» WHAT TO DO: The listing below is to be duplicated exactly, with every picture omitted.

» PROVIDED MATERIAL:
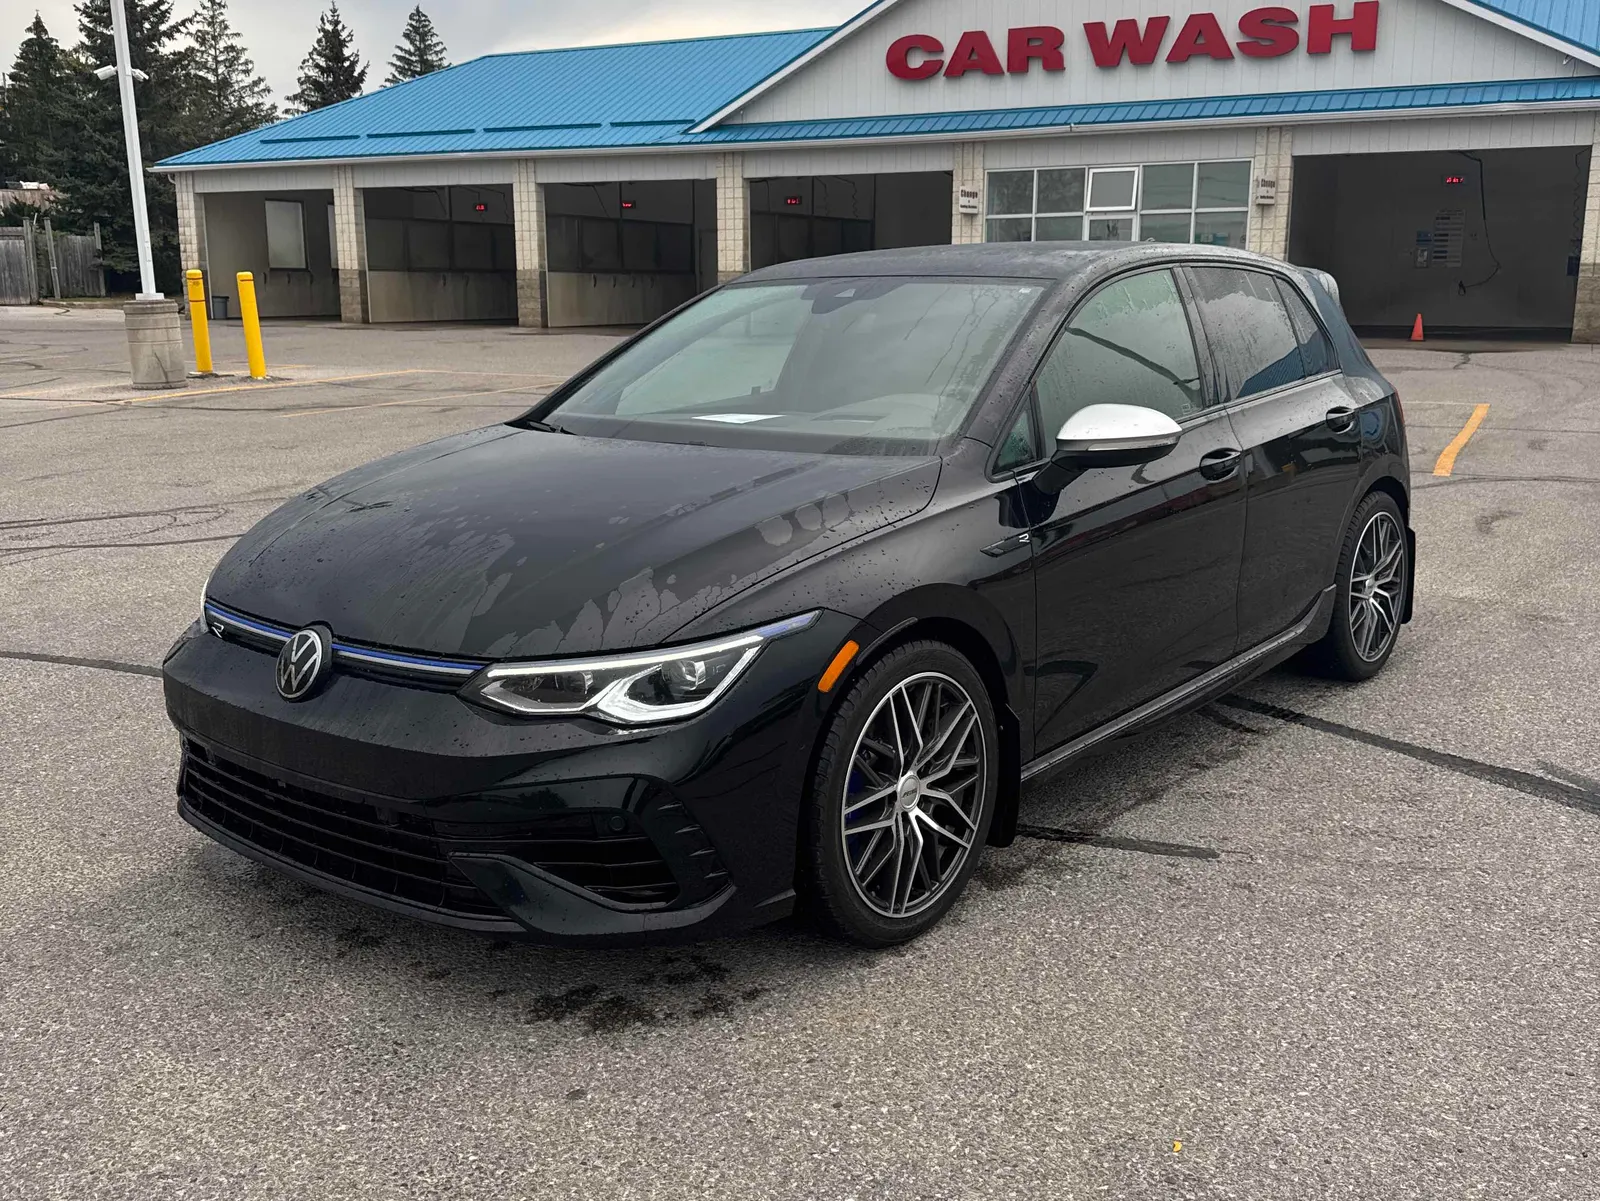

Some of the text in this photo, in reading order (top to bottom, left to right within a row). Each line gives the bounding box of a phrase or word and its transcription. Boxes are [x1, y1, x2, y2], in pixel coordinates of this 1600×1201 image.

[886, 1, 1379, 81] CAR WASH
[961, 189, 978, 200] Change
[211, 621, 225, 638] R
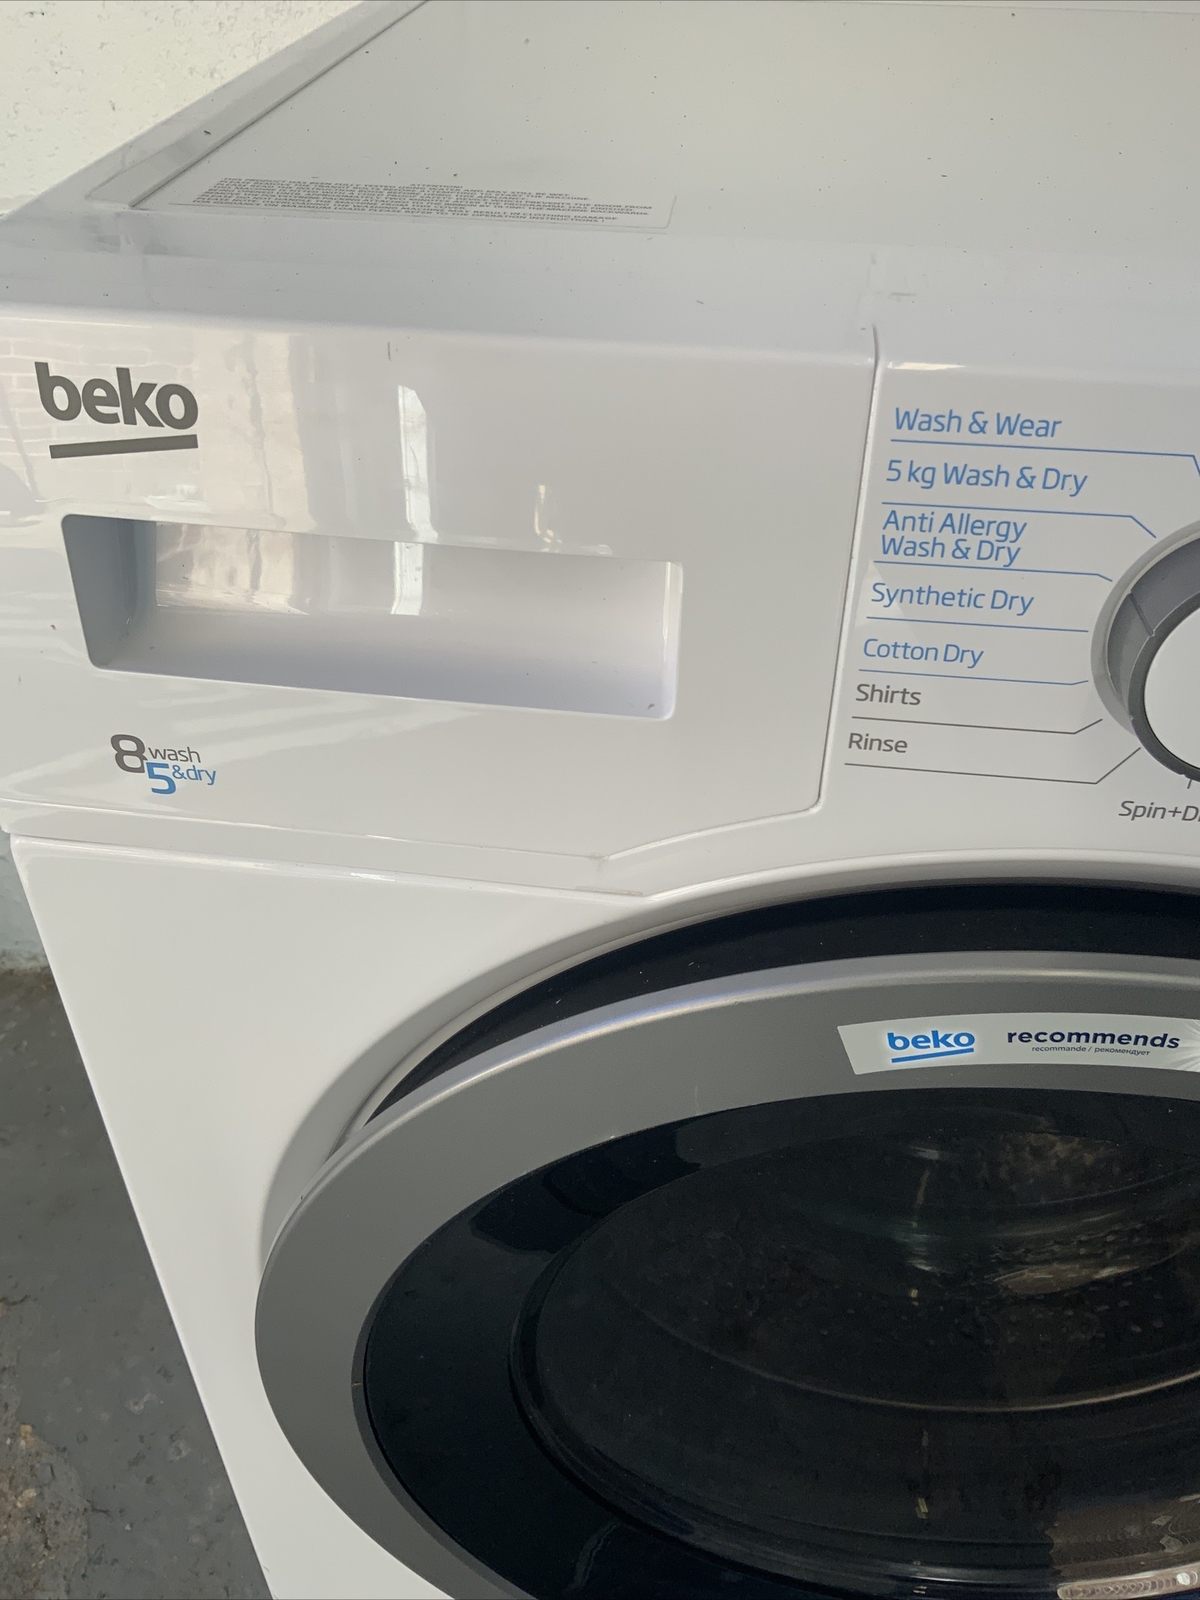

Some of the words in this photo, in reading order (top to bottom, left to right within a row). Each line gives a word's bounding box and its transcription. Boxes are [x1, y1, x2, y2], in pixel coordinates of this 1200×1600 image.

» OUTPUT FOR THIS EXERCISE:
Some of the text in this photo, in reading order (top to bottom, left to right within a row). Each line gives the bounding box of a phrase or word and its transcription. Boxes are [x1, y1, x2, y2], in pixel coordinates of this 1600×1201 image.

[886, 1, 1379, 81] CAR WASH
[961, 189, 978, 200] Change
[211, 621, 225, 638] R

Some of the words in this photo, in reading order (top to bottom, left to right within a row). Each line gives a word's bounding box and its transcription. Boxes are [x1, y1, x2, y2], in pixel coordinates of this 1200×1600 image.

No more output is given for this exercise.